Body A is sitting on a chair at sea level.
Body B is sitting on a chair on a tall mountain.
Body A mass = Body B mass
Not sure how to ask this question – but I want to know, given all of the movements they both would experience: the earth rotating about its axis, the earth revolving around the sun, the solar system revolving around the center of the galaxy, etc., which Body would be accelerating more? A more than B, B more than A, or equal? I don't think the usual formulas regarding acceleration can answer this, but again I'm not sure.
Thanks for your time!
Best Answer
Given the fact you're talking about rotation, you'd be asking about centripetal acceleration.
The person on the mountain is further away, so for that person their distance from earth's center is greater. But the person on the mountain would also have a greater tangential speed since they move a greater distance in the same amount of time.

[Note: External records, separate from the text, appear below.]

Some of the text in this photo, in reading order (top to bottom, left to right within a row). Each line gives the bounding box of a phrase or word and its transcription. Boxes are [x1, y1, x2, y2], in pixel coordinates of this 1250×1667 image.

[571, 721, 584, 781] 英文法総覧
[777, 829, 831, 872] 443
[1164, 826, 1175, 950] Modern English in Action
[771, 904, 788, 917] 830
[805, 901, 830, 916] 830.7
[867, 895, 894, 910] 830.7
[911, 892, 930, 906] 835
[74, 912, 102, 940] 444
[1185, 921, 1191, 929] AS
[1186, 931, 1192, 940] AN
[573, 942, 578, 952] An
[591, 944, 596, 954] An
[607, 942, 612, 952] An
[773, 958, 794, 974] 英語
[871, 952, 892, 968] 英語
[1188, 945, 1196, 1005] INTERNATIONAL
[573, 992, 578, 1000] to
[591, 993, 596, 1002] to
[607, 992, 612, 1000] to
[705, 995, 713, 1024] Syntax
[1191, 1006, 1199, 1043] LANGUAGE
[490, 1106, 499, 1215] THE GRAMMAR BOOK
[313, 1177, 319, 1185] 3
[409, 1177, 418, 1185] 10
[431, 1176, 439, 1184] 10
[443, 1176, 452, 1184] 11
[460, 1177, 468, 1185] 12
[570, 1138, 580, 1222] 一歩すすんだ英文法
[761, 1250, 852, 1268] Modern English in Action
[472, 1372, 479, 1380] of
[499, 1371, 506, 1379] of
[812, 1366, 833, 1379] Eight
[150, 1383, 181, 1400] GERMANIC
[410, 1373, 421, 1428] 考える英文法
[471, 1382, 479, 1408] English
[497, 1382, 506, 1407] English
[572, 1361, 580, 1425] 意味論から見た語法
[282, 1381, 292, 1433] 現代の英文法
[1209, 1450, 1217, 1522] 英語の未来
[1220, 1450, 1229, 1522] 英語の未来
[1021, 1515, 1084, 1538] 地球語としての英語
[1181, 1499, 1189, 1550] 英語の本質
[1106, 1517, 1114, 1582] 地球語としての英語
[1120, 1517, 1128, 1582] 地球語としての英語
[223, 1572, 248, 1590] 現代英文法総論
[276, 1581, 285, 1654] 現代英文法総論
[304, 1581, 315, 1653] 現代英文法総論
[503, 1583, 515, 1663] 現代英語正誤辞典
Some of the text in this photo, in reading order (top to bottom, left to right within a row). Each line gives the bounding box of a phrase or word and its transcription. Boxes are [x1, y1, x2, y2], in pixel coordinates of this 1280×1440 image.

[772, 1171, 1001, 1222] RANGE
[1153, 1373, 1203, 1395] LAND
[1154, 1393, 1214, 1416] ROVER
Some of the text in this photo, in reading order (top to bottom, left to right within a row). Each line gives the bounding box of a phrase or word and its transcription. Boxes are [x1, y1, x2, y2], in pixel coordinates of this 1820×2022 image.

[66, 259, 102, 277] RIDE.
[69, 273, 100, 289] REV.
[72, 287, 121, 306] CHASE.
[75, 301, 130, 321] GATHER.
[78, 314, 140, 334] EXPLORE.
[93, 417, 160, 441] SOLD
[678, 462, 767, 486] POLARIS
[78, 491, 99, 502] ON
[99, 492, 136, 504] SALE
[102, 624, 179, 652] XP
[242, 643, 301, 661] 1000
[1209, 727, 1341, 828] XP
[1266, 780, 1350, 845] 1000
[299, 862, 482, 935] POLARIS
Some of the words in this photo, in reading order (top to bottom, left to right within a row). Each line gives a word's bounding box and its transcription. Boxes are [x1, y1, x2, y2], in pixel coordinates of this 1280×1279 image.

But note that centripetal acceleration is given by $$a=\frac {v^2}{r}$$ which means that although the acceleration drops off as $\frac 1r$, it also increases as the square of the velocity. This means that the centripetal acceleration for the person on the mountain is greater. Now as for your question regarding the sun, solar system, galaxy etc., given that both observers are in the same frame of reference about these bodies (earth's surface), the amount they accelerate about these bodies is the same.
Ignoring rotation, since they are both in a stationary frame of reference (earth’s surface), neither of them are accelerating from the point of view of someone on earth’s surface, nor are they moving with respect to each other.